1. Revisiting the GCD. The way Euclid would've phrased his GCD algorithm would be more like this: If `A` and `B` (okay, he was greek, so it probably would've been α and β ...) are two integers with ```A >= B >= 0``` then the GCD of `A` and `B` is given by:
• if `B = 0` then the GCD is `A`
• if `B > 0` then the GCD is the same as the GCD of `B` and `A%B`.
Using this phrasing of the algorithm, implement the GCD as a recursive function. Here's a solution. (Think, what's the base case? What's the recursive case? Does the recursive case work towards the base case?)
2. Making Change My solution prints out the coins in decreasing value. Any thoughts on how you could modify it to print out coins in increasing value?

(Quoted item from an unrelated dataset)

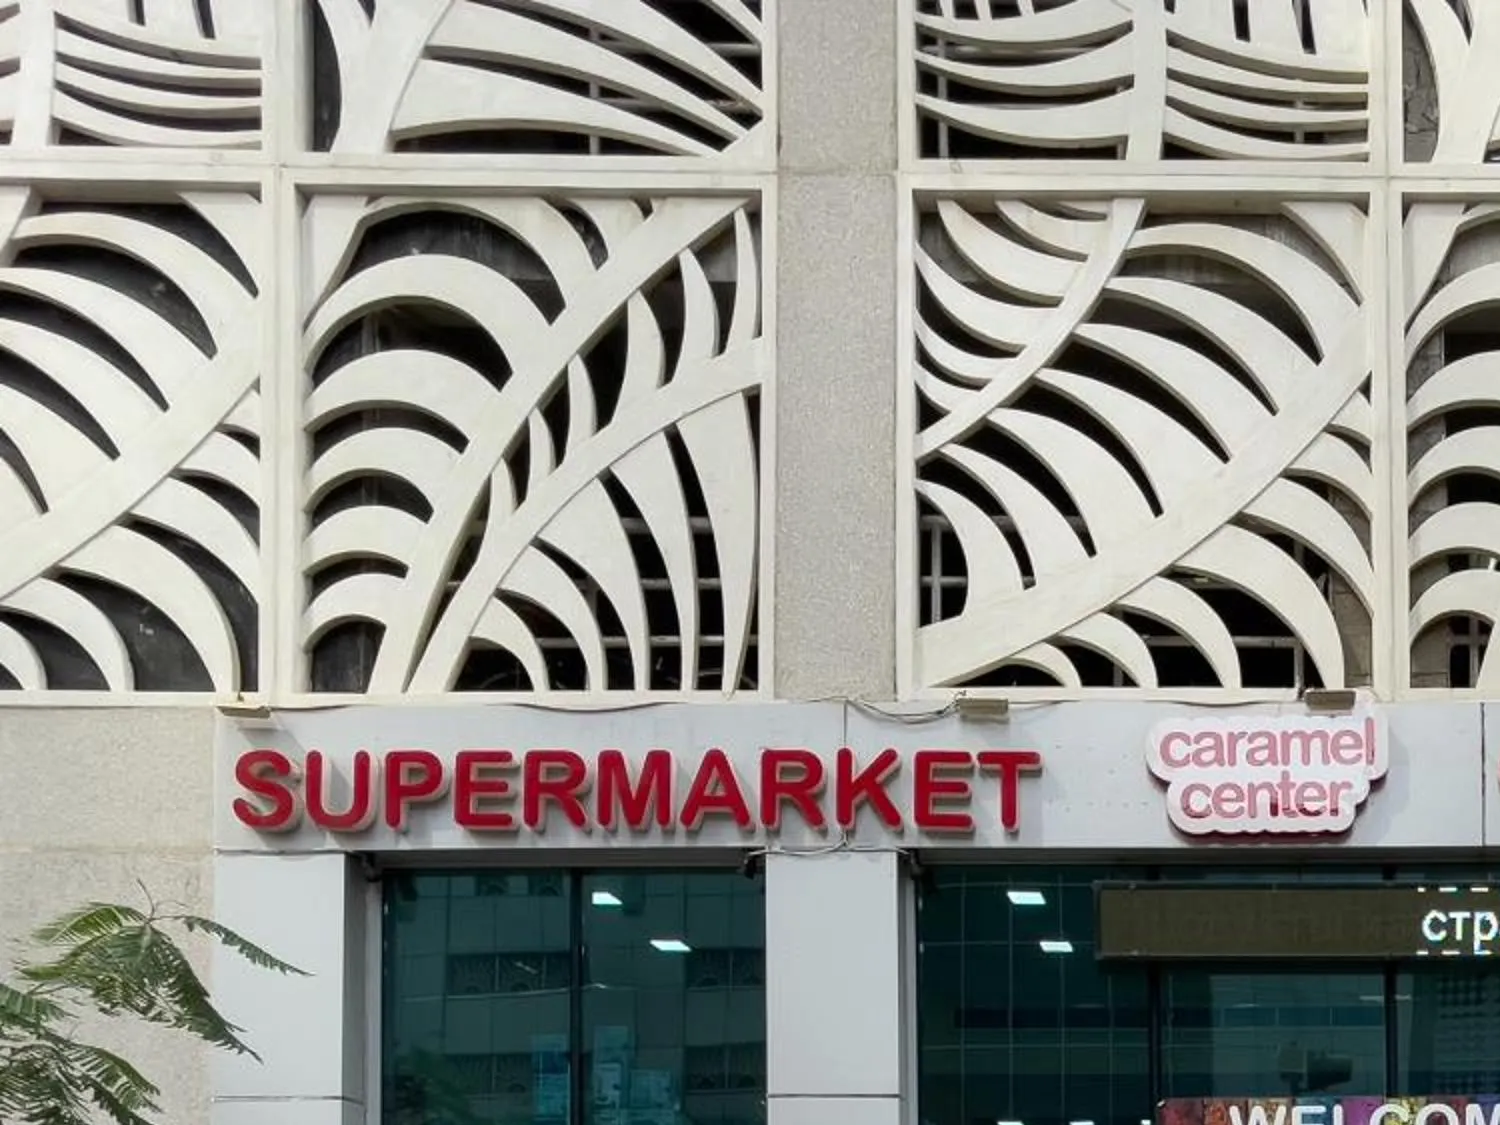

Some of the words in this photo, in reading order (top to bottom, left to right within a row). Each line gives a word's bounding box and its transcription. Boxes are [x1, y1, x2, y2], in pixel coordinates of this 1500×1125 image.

[1160, 717, 1375, 767] caramel
[232, 748, 1043, 833] SUPERMARKET
[1181, 770, 1353, 818] center

3. Factorization ... Again. Using the function `int firstfactor(int);` that you guys defined for me in Class 15 homework, write a recursive function ```void factor(int n, ostream& OUT);``` that prints out the factorization of `n` to the output stream `OUT`. What's the base case? How could a recursive call call to `factor` with a smaller `n`-value help solve the problem? Take a look at my solution.